Artık Adam Smith’in görüş ve düşüncelerini bir tarafa bırakalım.

Bu yazımızda kendi görüşümüzü ve özgün düşüncelerimizi Milletlerin Zenginliği ya da Fakirliği Üzerine Denemeler-3 başlığı altında yazıyoruz.

Bizim ekonomik sistem olarak görüşümüz şu: Ne başlı başına tam bir serbestlik,  ne tam liberalizm iyidir, ne ekonomide başlı başına bir baskı ve ne de Devletin her şeye karışması iyidir.

Ekonomide tam bir liberalizm ile tam bir Devlet müdahalesi arasında bir sistem iyidir.

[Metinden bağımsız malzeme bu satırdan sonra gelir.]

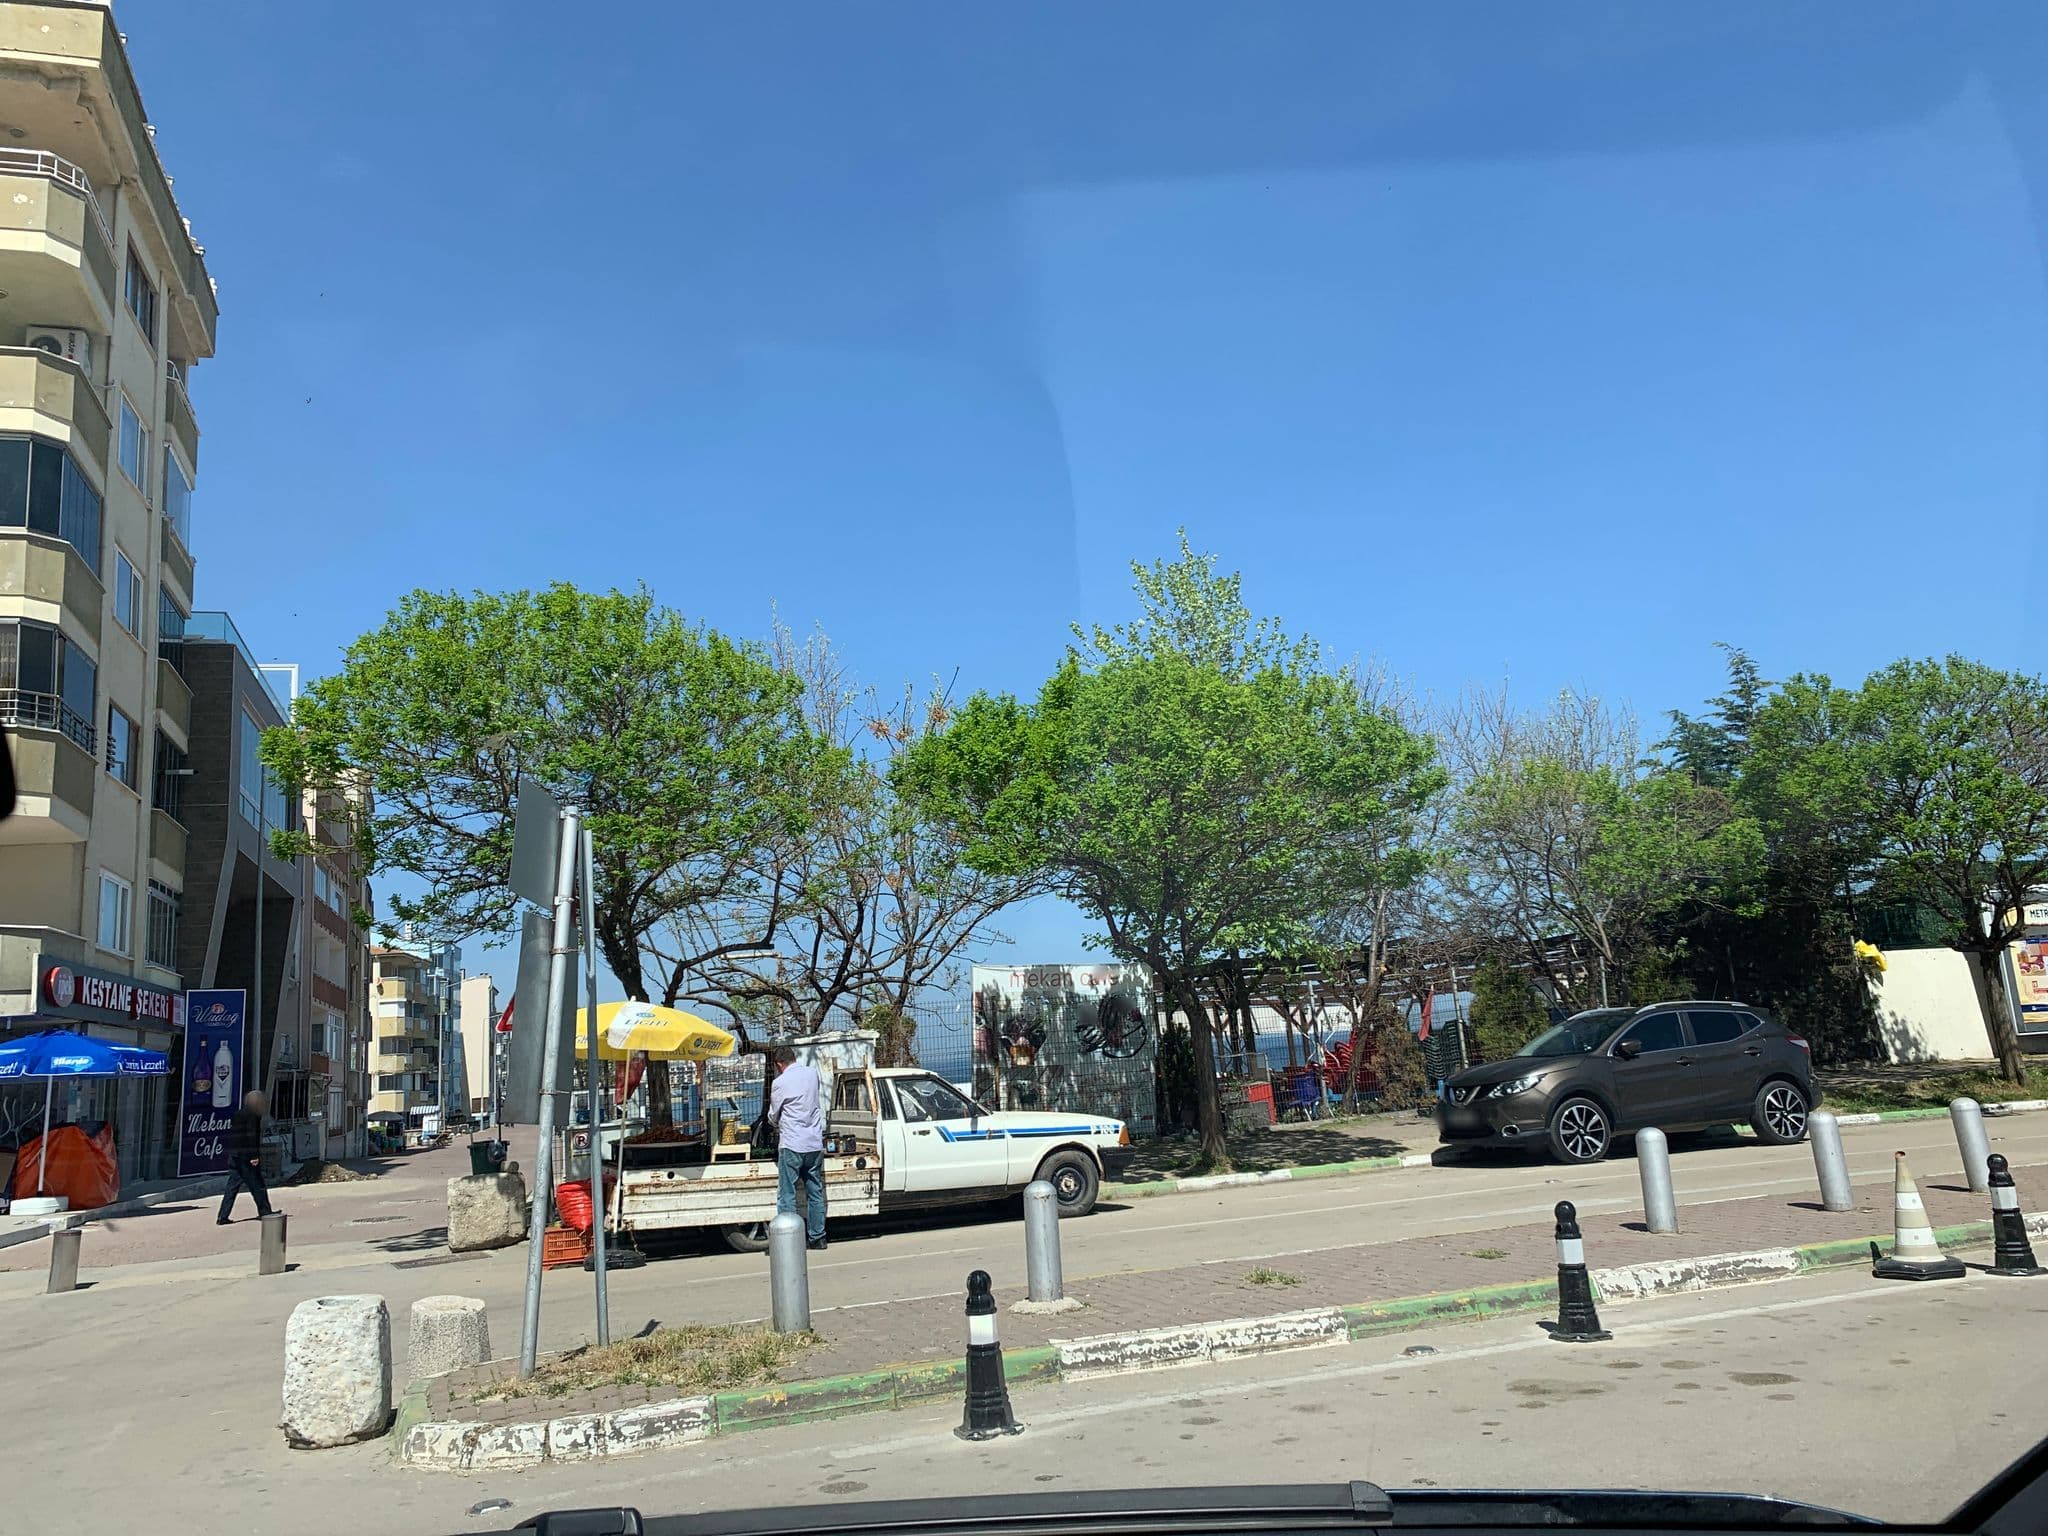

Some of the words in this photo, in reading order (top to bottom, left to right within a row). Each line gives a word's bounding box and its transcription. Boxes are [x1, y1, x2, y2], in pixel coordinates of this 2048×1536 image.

[82, 976, 132, 1012] KESTANE
[188, 1112, 232, 1134] Mekan
[194, 1135, 224, 1160] Cafe

Biz buna ekonomide orta yol diyoruz.

Ekonomide tam liberalizm sağcılık, tam Devlet müdahalesi solculuk ise, biz ne sağcıyız, ne solcuyuz. Biz orta yolcuyuz.

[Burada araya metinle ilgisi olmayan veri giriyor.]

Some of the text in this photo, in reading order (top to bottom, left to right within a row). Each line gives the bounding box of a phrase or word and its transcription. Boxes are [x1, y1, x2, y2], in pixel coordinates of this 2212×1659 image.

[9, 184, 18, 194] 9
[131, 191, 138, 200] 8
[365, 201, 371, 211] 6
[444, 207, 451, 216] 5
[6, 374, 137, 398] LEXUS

Orta yolculuktan da kastımız şudur:

Piyasada her şey normal iken liberal anlayış geçerlidir. Ancak liberal ticaret ve sanayi sahipleri şunu bilecekler: “Devletin görünmez eli tam ensenizde bekliyor. Yanlış yapan, stokçuluk yapan, sanayide işçisini sömüren, maliyetinden aşırı bir kârla mal satan sanayici, tüccar ve esnaf tam ensesinde Devletin görünmez elini hissedecek ve o el piyasada yanlış yapanın boynunu anında kopartacaktır.”

Adam Smith’in piyasayı dengede tutan ve sürdürülebilirlik içinde bulunduran “görünmez eli” kâr hırsı ve menfaat güdüsü iken, bizim görünmez elimiz Adil Devlet Yönetimidir ki, yanlış yapanı anında cezalandırır. Bu benim İslami Görüşümden kaynaklı bir El’dir ki, İsmine Kuran-ı Kerim ve Hadis-i Şerif’lerde yer bulan, “İslam Ekonomik Nizamı” diyoruz.

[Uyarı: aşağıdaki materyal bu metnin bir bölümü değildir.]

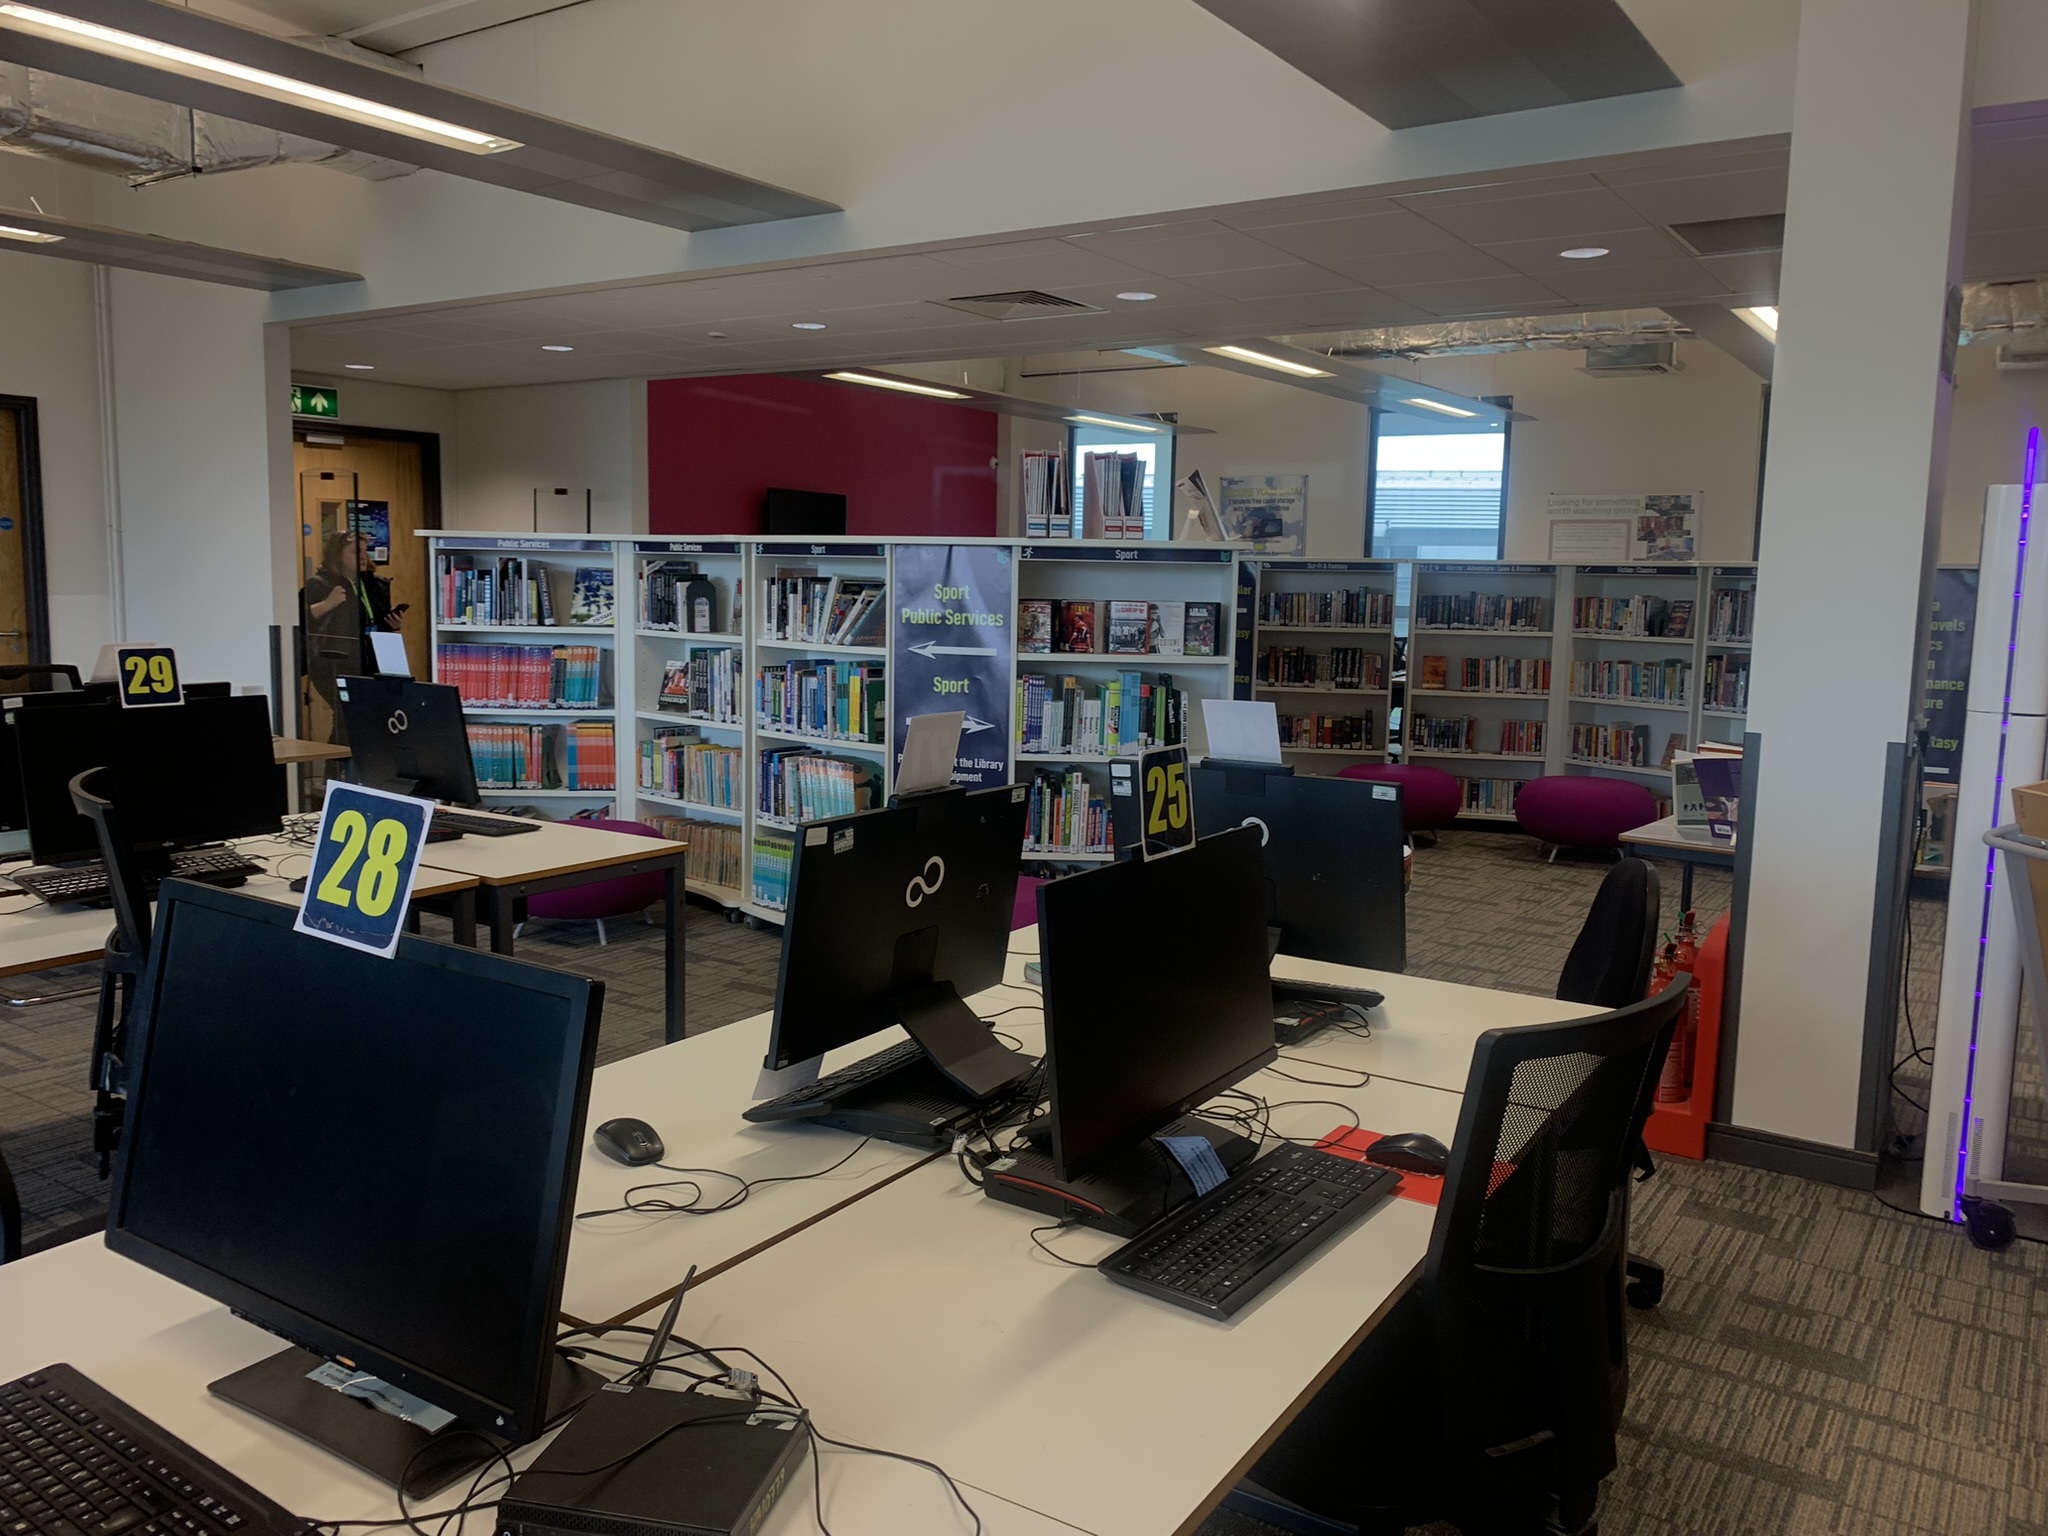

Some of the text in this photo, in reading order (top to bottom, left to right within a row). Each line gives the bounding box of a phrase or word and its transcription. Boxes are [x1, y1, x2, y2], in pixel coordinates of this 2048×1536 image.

[1547, 498, 1641, 507] Looking for something
[1547, 507, 1571, 515] worth
[1573, 507, 1610, 516] watching
[498, 539, 550, 549] Public Services
[669, 543, 703, 552] Public Services
[811, 545, 826, 555] Sport
[1115, 549, 1138, 560] Sport
[1636, 566, 1657, 574] Classics
[934, 583, 970, 602] Sport
[902, 608, 1004, 627] Public Services
[1931, 619, 1965, 632] ovels
[125, 655, 175, 695] 29
[933, 676, 969, 695] Sport
[959, 758, 973, 768] the
[974, 758, 1004, 771] Library
[1147, 762, 1188, 835] 25
[316, 809, 408, 917] 28

İslam Ekonomik Nizamında şu dört nokta mühimdir.

1-“Hüküm yalnızca Allah’ındır.” (Yusuf Suresi, 40)

2-“Göklerin ve yerin mülkü Allah’ındır. (Nur Suresi, 42)

3-“Namazı dosdoğru kılın ve zekâtı verin.” (Bakara Suresi, 43)

4-“Allah alışverişi helâl, faizi ise haram kıldı.” (Bakara Suresi, 275)

Evet, bizim ekonomik sistemimizin şekli şemali budur.

İslam’da ticaret ve serbest alışveriş ve şahsi zenginlik vardır. Çünkü zekat vardır. Zekat zenginlere farzdır.

İslam’da hüküm ve mülk serbestisi insana yüzde yüz sağlanmış değildir. “Ticaret serbest, ancak, faiz yasaktır.”

Adam gibi olursan hüküm ve mülk senindir. Mutedil ve insaflı ticaret yaparsan saygı görür ve korunursun. Faizcilik yaparsan rezil olursun.

Özetlemek gerekirse, İslam sömürü üzerine bir ekonomi ve ticarete izin vermez.

Eğer İslam nizamına uymazsan, sana ne hükmedebilme ve ne de mülke sahip olma yetkisi verilir. Yanlış yapanın elinden hüküm ve mülk alınır. Çünkü hükmetme ve mülk sahibi sınırsız ve sonsuz olarak yalnız Allah’a aittir. İnsanlardaki bu iki yetki (hüküm ve mülk) sınırlıdır.

Zaten insanlara hüküm ve mülkte sınırsız yetki tanımak Firavunluğa (mazallah) davetiye çıkarmaktır. Dünyadaki tüm sorunların kaynağı budur.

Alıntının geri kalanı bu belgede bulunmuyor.